Guest Article: To Address the World’s Most Urgent Challenges, Look to the Ocean | SDG Knowledge Hub


By Jonas Gahr Støre, Surangel S. Whipps, Jr. and Justin Trudeau

This week, against a backdrop of conflict, the global energy crisis, the ongoing COVID-19 pandemic and the impact of climate change, world leaders gathered for the 77th United Nations General Assembly (UNGA). But there is hope. Our message is clear: the ocean is an underappreciated solution to many of the critical problems facing people and the planet. From tackling hunger to poverty to climate change, the ocean is on our side as we, along with our fellow leaders, act urgently to protect and sustainably manage this vital resource.

In particular, one of the most pressing issues at the UN General Assembly is how countries can get the SDGs back on track after conflict and COVID-19 have jeopardized hard-won gains and extreme weather events caused by climate change are having increasingly devastating impacts on communities to have. The 17 interlinked SDGs are the UN’s shared blueprint for working towards peace and prosperity by 2030, and ocean solutions can help achieve them. However, SDG 14 – the ocean goal – remains the least funded SDG to date.
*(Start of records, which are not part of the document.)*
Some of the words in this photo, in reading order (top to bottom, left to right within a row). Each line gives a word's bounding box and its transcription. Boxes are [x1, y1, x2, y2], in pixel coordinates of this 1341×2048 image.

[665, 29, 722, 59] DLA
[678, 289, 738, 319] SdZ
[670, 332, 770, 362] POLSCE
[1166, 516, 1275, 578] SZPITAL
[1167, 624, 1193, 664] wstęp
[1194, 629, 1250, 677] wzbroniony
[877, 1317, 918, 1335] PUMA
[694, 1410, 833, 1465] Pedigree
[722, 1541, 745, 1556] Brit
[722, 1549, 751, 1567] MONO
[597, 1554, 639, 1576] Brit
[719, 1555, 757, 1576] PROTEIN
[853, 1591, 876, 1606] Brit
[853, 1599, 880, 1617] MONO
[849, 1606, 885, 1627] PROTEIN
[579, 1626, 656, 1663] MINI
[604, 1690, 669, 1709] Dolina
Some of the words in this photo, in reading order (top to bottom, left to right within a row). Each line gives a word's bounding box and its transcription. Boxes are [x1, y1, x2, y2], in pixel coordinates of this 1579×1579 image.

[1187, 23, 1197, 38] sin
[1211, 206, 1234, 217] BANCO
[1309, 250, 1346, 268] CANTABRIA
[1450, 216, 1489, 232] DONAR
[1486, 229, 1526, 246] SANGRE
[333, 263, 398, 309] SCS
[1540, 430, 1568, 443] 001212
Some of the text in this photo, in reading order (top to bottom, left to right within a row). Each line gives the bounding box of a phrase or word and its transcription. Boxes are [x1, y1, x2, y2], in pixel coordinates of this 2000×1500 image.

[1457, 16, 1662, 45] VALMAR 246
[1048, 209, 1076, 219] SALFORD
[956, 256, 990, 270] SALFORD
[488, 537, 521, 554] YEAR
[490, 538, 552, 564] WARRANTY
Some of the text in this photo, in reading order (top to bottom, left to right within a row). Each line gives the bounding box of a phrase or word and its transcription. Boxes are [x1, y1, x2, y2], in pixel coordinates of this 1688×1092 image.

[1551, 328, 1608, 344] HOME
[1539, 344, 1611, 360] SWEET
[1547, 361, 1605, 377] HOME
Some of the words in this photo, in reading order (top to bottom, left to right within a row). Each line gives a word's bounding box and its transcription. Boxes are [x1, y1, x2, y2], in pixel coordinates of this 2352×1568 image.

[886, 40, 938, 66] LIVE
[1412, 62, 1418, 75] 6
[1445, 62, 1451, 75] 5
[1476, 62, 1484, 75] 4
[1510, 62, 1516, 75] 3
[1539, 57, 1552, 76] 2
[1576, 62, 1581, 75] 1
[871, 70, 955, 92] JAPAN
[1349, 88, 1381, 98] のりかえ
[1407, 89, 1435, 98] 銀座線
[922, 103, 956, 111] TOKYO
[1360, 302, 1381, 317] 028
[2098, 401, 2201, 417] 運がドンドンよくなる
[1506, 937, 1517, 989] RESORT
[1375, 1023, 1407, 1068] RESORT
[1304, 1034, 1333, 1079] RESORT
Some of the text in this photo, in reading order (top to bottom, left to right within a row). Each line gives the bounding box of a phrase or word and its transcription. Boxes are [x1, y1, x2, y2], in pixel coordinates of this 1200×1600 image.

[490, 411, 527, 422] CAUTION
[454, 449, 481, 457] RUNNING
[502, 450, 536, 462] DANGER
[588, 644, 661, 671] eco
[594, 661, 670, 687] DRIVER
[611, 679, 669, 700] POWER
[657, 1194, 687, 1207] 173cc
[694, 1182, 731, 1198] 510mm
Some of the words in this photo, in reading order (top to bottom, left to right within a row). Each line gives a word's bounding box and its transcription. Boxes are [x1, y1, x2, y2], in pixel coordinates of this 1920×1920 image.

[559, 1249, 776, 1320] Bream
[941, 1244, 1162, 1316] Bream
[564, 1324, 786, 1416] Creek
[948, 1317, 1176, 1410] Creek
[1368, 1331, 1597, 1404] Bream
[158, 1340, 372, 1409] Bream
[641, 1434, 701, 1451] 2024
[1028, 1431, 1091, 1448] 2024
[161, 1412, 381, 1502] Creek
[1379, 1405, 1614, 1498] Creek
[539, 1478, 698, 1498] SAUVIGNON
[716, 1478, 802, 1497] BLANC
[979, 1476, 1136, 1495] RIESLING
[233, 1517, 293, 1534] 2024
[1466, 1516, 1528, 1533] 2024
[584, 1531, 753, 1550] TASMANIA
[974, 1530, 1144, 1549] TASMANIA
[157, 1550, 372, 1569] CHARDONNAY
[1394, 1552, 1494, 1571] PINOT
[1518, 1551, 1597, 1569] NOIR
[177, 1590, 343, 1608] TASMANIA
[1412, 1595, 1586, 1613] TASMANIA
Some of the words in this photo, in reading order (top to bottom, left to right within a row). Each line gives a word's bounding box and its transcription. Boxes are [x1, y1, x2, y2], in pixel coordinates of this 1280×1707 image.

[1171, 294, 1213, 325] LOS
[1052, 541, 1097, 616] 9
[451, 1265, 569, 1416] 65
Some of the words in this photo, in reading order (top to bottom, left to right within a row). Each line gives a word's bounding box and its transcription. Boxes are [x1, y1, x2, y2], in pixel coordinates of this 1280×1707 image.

Over 3 billion people depend on ocean proteins, offshore wind energy is becoming more widely available, and projections show that the transition to a sustainable ocean economy can offer huge opportunities, with every US$ invested in marine conservation saving at least US$5 dollars in global benefits. Ocean solutions can also help tackle the climate crisis and put countries on the path to a 1.5°C future.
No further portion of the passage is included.